* **Exercise requirements**
A word-for-word copy of the records is needed, with every picture left out.

* **Data listing**
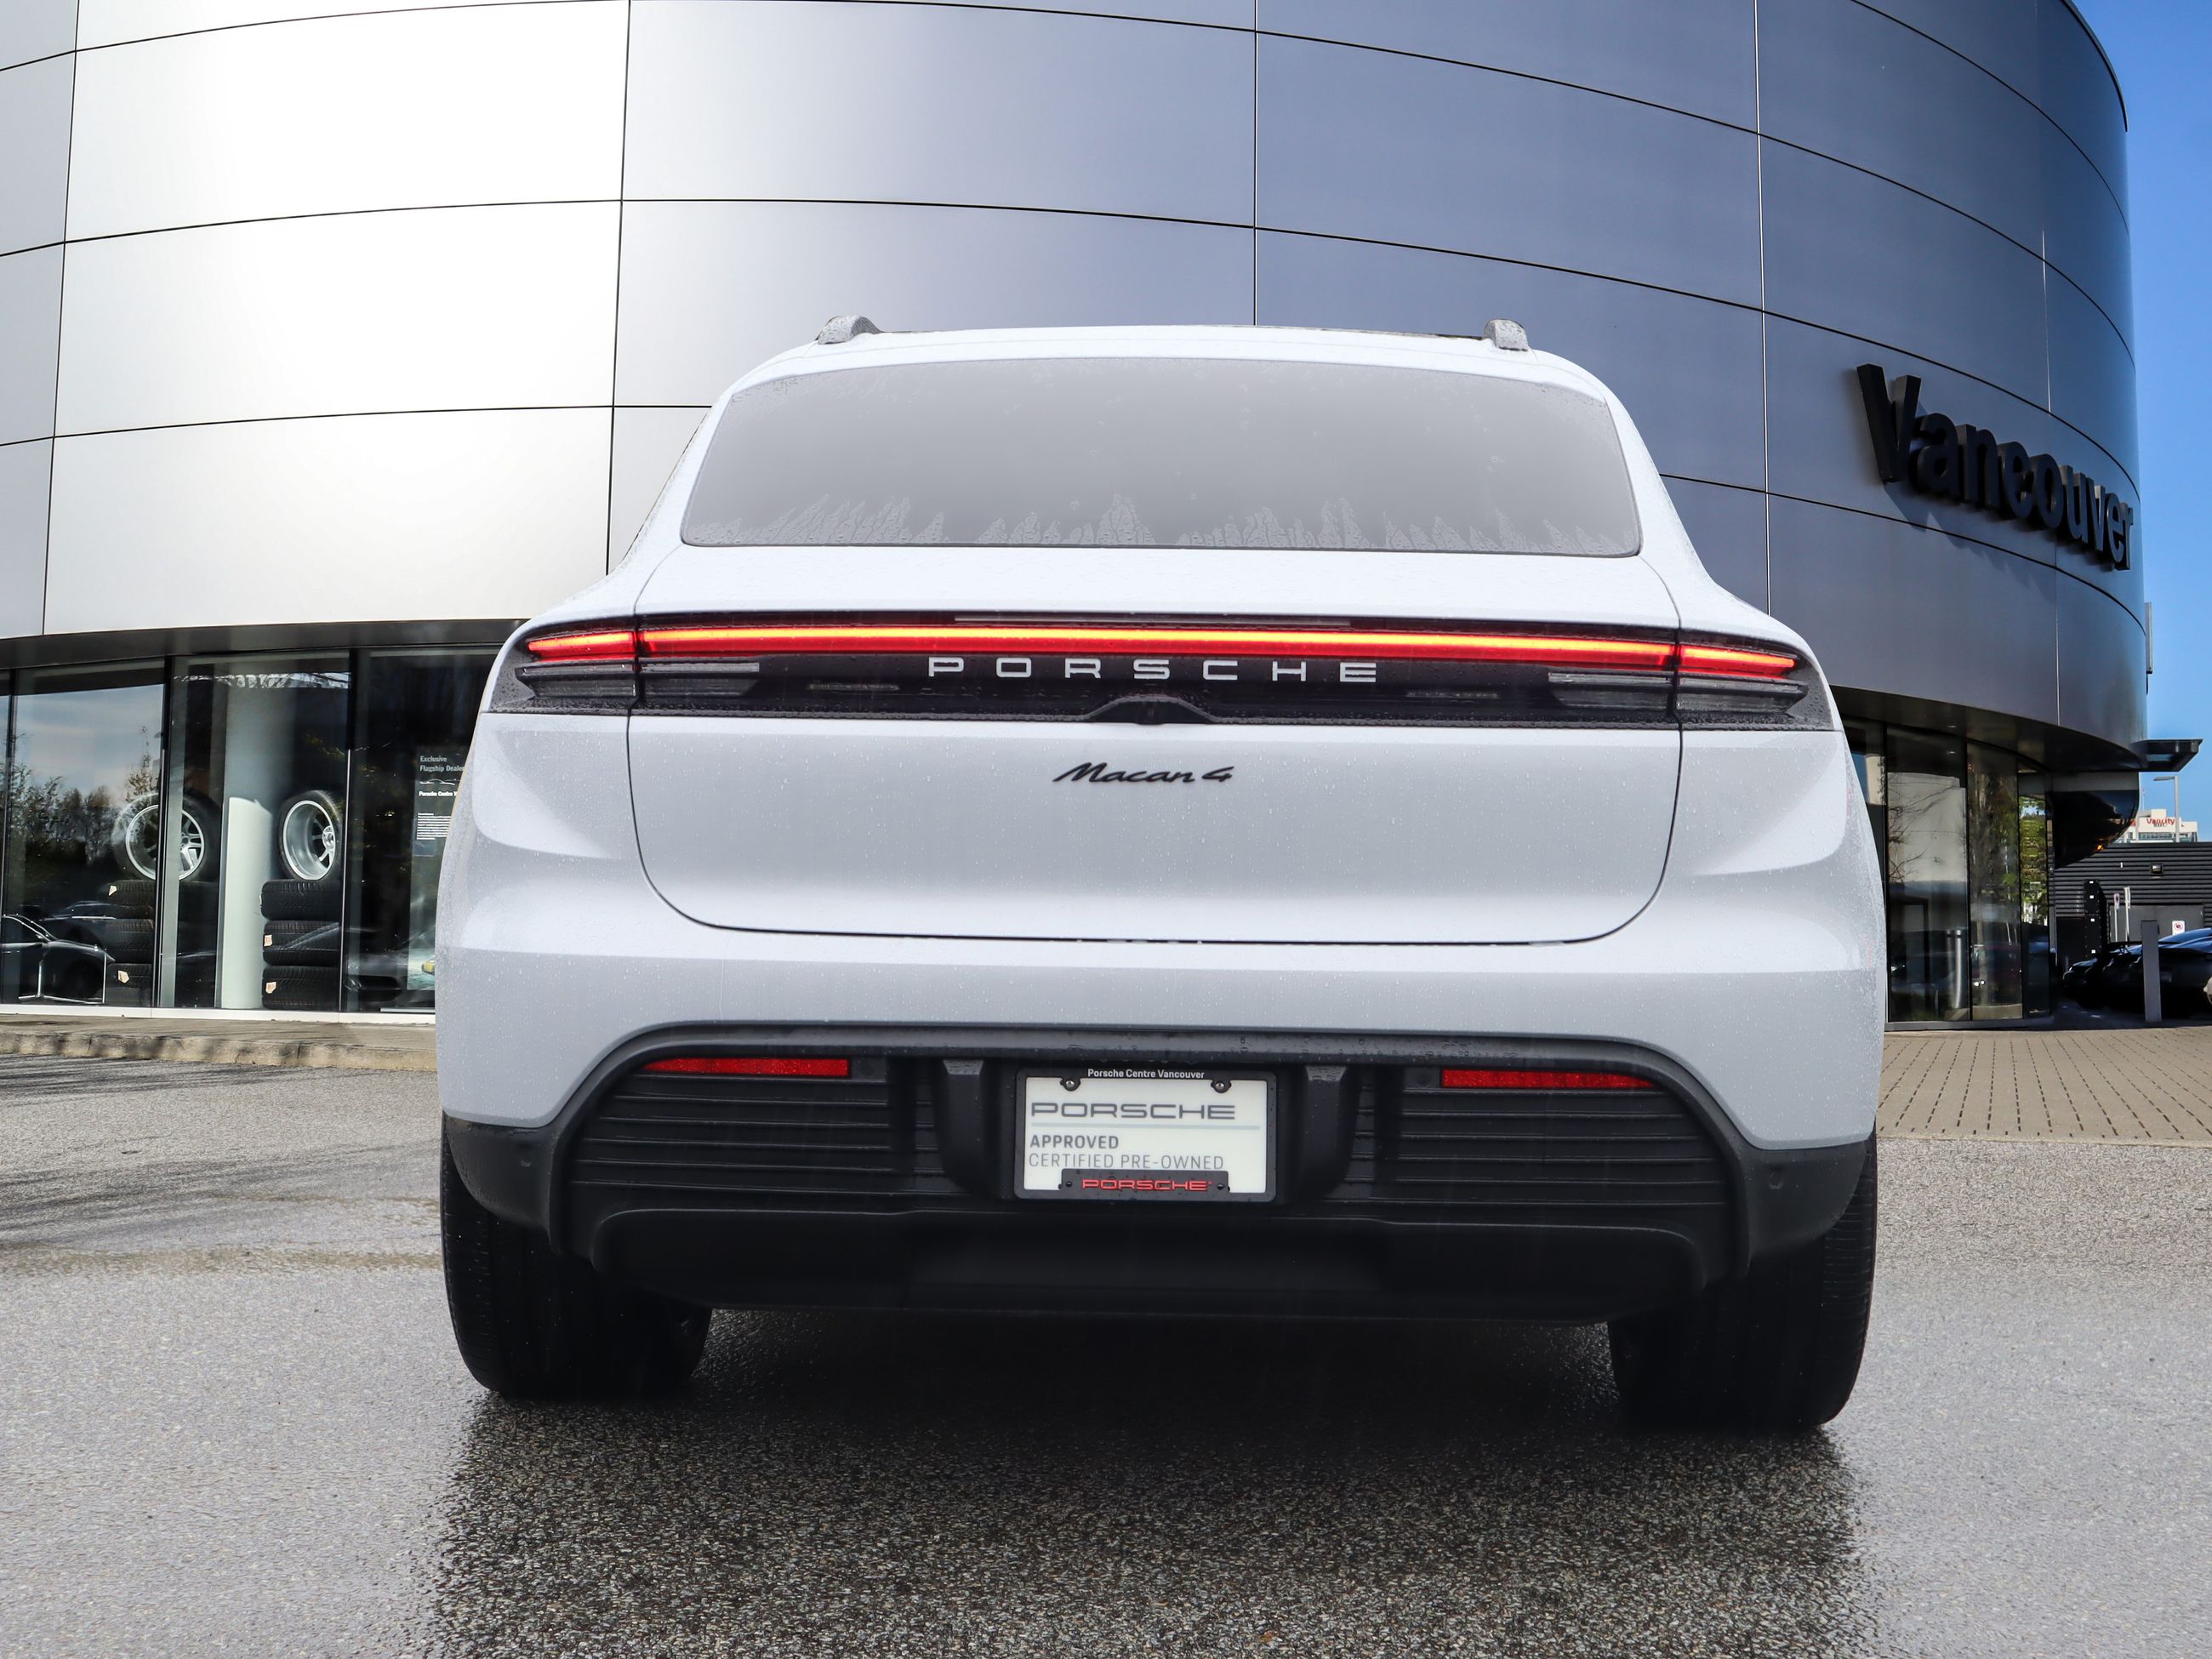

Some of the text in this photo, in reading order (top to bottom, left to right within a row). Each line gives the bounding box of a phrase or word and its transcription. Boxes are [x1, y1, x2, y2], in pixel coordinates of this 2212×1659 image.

[1856, 363, 2134, 571] Vancouver
[928, 657, 1377, 682] PORSCHE
[1052, 762, 1234, 783] Macan 4
[1087, 1069, 1205, 1079] Porsche Centre Vancouver
[1031, 1102, 1235, 1120] PORSCHE
[1029, 1134, 1119, 1149] APPROVED
[1029, 1153, 1224, 1170] CERTIFIED PRE-OWNED
[1081, 1178, 1208, 1191] PORSCHE

* **Exercise solution**
Some of the text in this photo, in reading order (top to bottom, left to right within a row). Each line gives the bounding box of a phrase or word and its transcription. Boxes are [x1, y1, x2, y2], in pixel coordinates of this 2212×1659 image.

[1856, 363, 2134, 571] Vancouver
[928, 657, 1377, 682] PORSCHE
[1052, 762, 1234, 783] Macan 4
[1087, 1069, 1205, 1079] Porsche Centre Vancouver
[1031, 1102, 1235, 1120] PORSCHE
[1029, 1134, 1119, 1149] APPROVED
[1029, 1153, 1224, 1170] CERTIFIED PRE-OWNED
[1081, 1178, 1208, 1191] PORSCHE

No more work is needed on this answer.